『第1回 辻原登奨励小説賞受賞作 三澤楓『教室のアトピー』 講評と受賞の言葉』と三澤さんの受賞作『教室のアトピー』(第01回)をアップしましたぁ。三澤さんは23歳の新鋭作家です。今日から4日間にわたって受賞作『教室のアトピー』を掲載します。
三澤さんの『教室のアトピー』については辻原登さんの『講評』をお読みいただけばと思います。辻原さんは『この短篇レベルのものを読ませてもらえるなら、書き手に未来はある』と書いておられますが、その通りだと思います。

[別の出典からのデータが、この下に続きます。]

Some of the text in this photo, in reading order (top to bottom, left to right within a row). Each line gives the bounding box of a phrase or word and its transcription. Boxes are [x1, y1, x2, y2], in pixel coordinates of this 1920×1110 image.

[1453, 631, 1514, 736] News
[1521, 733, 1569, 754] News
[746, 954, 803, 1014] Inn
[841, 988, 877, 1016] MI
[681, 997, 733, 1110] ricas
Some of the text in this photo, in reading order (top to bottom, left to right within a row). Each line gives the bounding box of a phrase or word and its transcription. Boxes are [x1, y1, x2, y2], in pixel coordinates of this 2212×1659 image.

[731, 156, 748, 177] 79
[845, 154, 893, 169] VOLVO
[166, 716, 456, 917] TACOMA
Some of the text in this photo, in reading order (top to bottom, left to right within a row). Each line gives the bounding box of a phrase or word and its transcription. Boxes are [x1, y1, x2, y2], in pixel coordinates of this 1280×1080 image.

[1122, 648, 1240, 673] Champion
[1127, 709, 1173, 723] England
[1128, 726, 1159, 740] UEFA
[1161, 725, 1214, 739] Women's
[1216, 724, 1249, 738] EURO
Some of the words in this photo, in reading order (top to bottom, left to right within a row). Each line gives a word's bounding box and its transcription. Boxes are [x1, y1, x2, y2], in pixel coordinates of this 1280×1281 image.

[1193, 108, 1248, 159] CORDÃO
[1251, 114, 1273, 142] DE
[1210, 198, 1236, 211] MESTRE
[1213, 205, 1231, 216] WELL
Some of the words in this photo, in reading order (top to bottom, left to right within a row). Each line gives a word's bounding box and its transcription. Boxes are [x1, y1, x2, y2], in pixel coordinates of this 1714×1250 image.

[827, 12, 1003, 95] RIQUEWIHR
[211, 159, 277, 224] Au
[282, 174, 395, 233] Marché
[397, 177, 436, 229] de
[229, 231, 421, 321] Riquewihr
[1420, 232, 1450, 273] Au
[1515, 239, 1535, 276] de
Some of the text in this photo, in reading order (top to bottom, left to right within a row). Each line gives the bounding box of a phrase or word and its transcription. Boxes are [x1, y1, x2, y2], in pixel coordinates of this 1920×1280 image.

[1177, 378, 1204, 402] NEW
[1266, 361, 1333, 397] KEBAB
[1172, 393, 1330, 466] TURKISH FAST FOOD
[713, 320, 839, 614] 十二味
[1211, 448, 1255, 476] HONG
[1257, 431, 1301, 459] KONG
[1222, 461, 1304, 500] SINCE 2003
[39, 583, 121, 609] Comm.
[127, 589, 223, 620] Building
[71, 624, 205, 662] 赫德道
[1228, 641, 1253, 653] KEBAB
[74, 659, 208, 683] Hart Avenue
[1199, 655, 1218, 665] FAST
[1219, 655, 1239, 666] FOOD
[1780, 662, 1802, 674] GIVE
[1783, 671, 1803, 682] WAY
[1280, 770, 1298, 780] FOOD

文学の世界、特に純文学を取り巻く環境は厳しさを増しています。芥川賞のように社会的に有名な賞を受賞しても、執行猶予5年から10年――その間に売れる本かプロの作家たちを深くうならせるような作品を書かなければ、本が出なくなるのはもちろん、発表場所すらなくなってゆくのが現実です。
その一方で従来のような純文学と大衆文学の垣根が崩れ始めています。また本の出版形態や発表場所も多様化し始めています。新人作家が頭角をあらわし、活動してゆくためのプラットフォームは従来より確実に増えているわけです。しかし文学である限り、常に〝優れた作品〟が中心に存在していなければならないのは言うまでもありません。
三澤さんは大衆文学的要素を純文学的文体で処理することができる優れた新人作家です。スタートを切ったからにはたゆまず書き続け、道を切り拓いていっていただければと思います。文学金魚は全力でサポートさせていただきます。